=== Goal of the exercise ===
Your task is to copy every entry exactly.

§ §

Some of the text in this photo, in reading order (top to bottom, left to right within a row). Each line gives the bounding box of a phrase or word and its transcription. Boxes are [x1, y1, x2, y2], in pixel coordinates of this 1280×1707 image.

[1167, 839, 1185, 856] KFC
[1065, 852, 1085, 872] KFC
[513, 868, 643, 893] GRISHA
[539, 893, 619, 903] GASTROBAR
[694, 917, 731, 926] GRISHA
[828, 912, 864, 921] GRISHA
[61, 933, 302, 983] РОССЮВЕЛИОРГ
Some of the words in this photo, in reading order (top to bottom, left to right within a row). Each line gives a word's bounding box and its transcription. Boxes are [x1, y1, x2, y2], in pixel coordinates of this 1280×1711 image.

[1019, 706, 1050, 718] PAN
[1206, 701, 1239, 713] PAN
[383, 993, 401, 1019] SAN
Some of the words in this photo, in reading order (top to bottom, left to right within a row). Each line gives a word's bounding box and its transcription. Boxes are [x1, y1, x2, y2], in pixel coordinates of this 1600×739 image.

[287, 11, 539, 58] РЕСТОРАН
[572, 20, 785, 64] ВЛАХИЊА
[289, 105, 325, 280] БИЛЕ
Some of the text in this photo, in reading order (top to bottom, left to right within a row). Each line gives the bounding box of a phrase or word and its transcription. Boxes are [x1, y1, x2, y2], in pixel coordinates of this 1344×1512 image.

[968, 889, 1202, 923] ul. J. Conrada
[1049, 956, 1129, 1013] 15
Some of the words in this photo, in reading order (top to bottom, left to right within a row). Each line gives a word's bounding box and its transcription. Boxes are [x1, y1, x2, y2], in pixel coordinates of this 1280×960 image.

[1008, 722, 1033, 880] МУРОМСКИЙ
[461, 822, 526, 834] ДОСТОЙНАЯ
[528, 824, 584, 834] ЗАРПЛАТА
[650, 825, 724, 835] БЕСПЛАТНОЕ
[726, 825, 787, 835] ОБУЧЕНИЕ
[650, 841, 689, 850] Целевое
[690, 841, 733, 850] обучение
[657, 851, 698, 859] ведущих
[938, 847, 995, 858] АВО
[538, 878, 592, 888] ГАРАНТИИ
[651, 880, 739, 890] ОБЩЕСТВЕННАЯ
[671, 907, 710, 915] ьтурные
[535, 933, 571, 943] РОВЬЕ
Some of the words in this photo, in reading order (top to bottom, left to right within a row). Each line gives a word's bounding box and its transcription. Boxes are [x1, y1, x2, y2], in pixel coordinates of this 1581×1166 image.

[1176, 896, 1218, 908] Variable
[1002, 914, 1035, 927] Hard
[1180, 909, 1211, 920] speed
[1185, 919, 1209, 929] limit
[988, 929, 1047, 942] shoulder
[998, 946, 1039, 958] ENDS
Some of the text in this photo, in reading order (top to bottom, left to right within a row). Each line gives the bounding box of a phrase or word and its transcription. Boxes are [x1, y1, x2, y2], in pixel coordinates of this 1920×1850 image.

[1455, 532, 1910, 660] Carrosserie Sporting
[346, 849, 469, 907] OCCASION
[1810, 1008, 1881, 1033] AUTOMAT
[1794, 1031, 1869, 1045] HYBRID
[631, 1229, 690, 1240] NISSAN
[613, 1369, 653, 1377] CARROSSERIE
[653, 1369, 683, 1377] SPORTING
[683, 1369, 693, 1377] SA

§ §

=== Response to this exercise ===
Some of the text in this photo, in reading order (top to bottom, left to right within a row). Each line gives the bounding box of a phrase or word and its transcription. Boxes are [x1, y1, x2, y2], in pixel coordinates of this 1280×1707 image.

[1167, 839, 1185, 856] KFC
[1065, 852, 1085, 872] KFC
[513, 868, 643, 893] GRISHA
[539, 893, 619, 903] GASTROBAR
[694, 917, 731, 926] GRISHA
[828, 912, 864, 921] GRISHA
[61, 933, 302, 983] РОССЮВЕЛИОРГ
Some of the words in this photo, in reading order (top to bottom, left to right within a row). Each line gives a word's bounding box and its transcription. Boxes are [x1, y1, x2, y2], in pixel coordinates of this 1280×1711 image.

[1019, 706, 1050, 718] PAN
[1206, 701, 1239, 713] PAN
[383, 993, 401, 1019] SAN
Some of the words in this photo, in reading order (top to bottom, left to right within a row). Each line gives a word's bounding box and its transcription. Boxes are [x1, y1, x2, y2], in pixel coordinates of this 1600×739 image.

[287, 11, 539, 58] РЕСТОРАН
[572, 20, 785, 64] ВЛАХИЊА
[289, 105, 325, 280] БИЛЕ
Some of the text in this photo, in reading order (top to bottom, left to right within a row). Each line gives the bounding box of a phrase or word and its transcription. Boxes are [x1, y1, x2, y2], in pixel coordinates of this 1344×1512 image.

[968, 889, 1202, 923] ul. J. Conrada
[1049, 956, 1129, 1013] 15
Some of the words in this photo, in reading order (top to bottom, left to right within a row). Each line gives a word's bounding box and its transcription. Boxes are [x1, y1, x2, y2], in pixel coordinates of this 1280×960 image.

[1008, 722, 1033, 880] МУРОМСКИЙ
[461, 822, 526, 834] ДОСТОЙНАЯ
[528, 824, 584, 834] ЗАРПЛАТА
[650, 825, 724, 835] БЕСПЛАТНОЕ
[726, 825, 787, 835] ОБУЧЕНИЕ
[650, 841, 689, 850] Целевое
[690, 841, 733, 850] обучение
[657, 851, 698, 859] ведущих
[938, 847, 995, 858] АВО
[538, 878, 592, 888] ГАРАНТИИ
[651, 880, 739, 890] ОБЩЕСТВЕННАЯ
[671, 907, 710, 915] ьтурные
[535, 933, 571, 943] РОВЬЕ
Some of the words in this photo, in reading order (top to bottom, left to right within a row). Each line gives a word's bounding box and its transcription. Boxes are [x1, y1, x2, y2], in pixel coordinates of this 1581×1166 image.

[1176, 896, 1218, 908] Variable
[1002, 914, 1035, 927] Hard
[1180, 909, 1211, 920] speed
[1185, 919, 1209, 929] limit
[988, 929, 1047, 942] shoulder
[998, 946, 1039, 958] ENDS
Some of the text in this photo, in reading order (top to bottom, left to right within a row). Each line gives the bounding box of a phrase or word and its transcription. Boxes are [x1, y1, x2, y2], in pixel coordinates of this 1920×1850 image.

[1455, 532, 1910, 660] Carrosserie Sporting
[346, 849, 469, 907] OCCASION
[1810, 1008, 1881, 1033] AUTOMAT
[1794, 1031, 1869, 1045] HYBRID
[631, 1229, 690, 1240] NISSAN
[613, 1369, 653, 1377] CARROSSERIE
[653, 1369, 683, 1377] SPORTING
[683, 1369, 693, 1377] SA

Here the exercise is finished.